14. We have based our decision on the foregoing, and the following constitutional and legal basis.

15. SUPREME COURT DECISION IN THE ELECTION PETITION No. 1 of 2017 RAILA ODINGA vs IEBC and others

16. In arriving at its decision to nullify the presidential election held on August 8 2017, the Supreme Court made the following findings of illegalities and irregularities based on which the National Super Alliance (NASA) Coalition proposed a 12 point irreducible minimum required to make the fresh election fully compliant with the Supreme Court decision;

17. Statutory Forms
18. On the matter of statutory forms used in the elections, the court found that contrary to the assertion by the Commission that it had fully complied with the Constitution and the law; and, the position taken by the Commission (through the Affidavit of Immaculate Kassait) that the Commission had developed standards for its electoral goods prior to their procurement including specific security features for each ballot paper and statutory form in order to prevent duplication, misuse, piracy, fraud, counterfeiting and to improve controls, and that the statutory forms and ballot papers had the features which included: guilloche patterns, anti-copy patterns, watermarks, micro text, tapered serialization, invisible UV Printing, polling station data personalization, self-carbonating element and barcodes, different colour for each ballot paper and that the forms were in a standard form or format, the scrutiny supervised by the Registrar of the Supreme Court and authenticated by the agents of all the parties to the case to the case had revealed that: –
a) The Commission declared Uhuru Muigai Kenyatta the President elect before it received results from 11,883 polling stations and 17 Constituencies;
b) Form 34C used to declare Uhuru Kenyatta President elect, was not original but a photocopy; and, that no explanation was given as to the whereabouts of the original form.

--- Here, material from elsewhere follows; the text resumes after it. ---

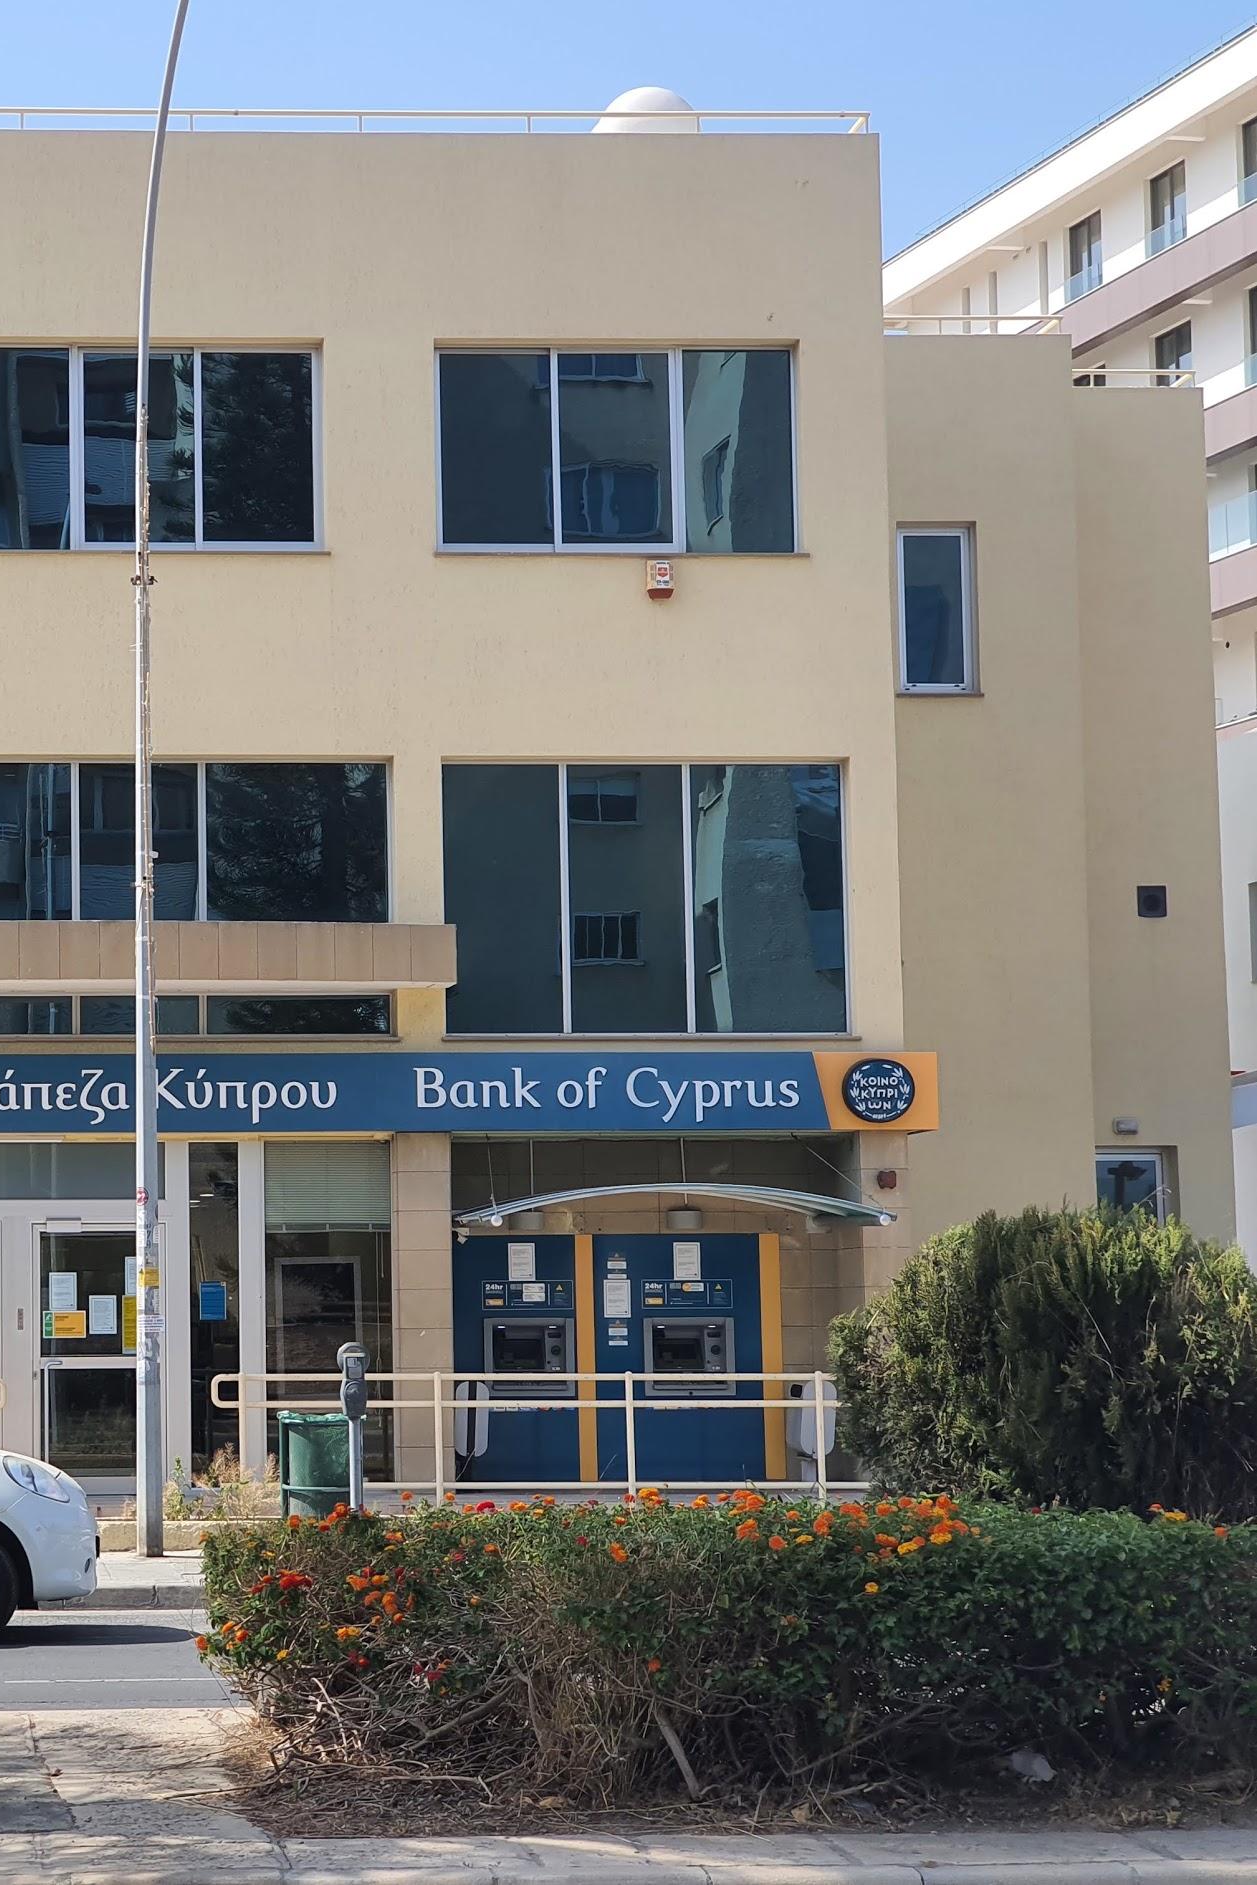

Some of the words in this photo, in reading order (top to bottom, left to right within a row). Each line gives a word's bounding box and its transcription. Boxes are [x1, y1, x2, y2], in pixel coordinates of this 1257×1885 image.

And, that the form, as crucial as it is, bore neither a watermark nor serial number;
c) Forms 34B used to declare Uhuru Kenyatta president elect were of dubious authenticity; and, that some of the forms were photocopies, carbon copies or were not signed by the Returning Officers. Out of 291 Forms 34B, 56 did not have watermark feature, 31 did not bear serial numbers, 5 were not signed at all, were not in a standard form or format, among other discrepancies;
d) Out of a random sample of 4,299 Forms 34As examined, a total of 189 forms had not been filled in the “hand-over” section, 287 forms had not been filled in the “take-over” section, 481 forms were carbon copies, 11 forms had no water mark; and, that considering the sample size, it is apparent that the discrepancies were widespread.
e) The forms were not in a standard form or format. The Supreme Court ended its examination of this part of the judgment by raising the following question: “Who introduced these forms into the system?”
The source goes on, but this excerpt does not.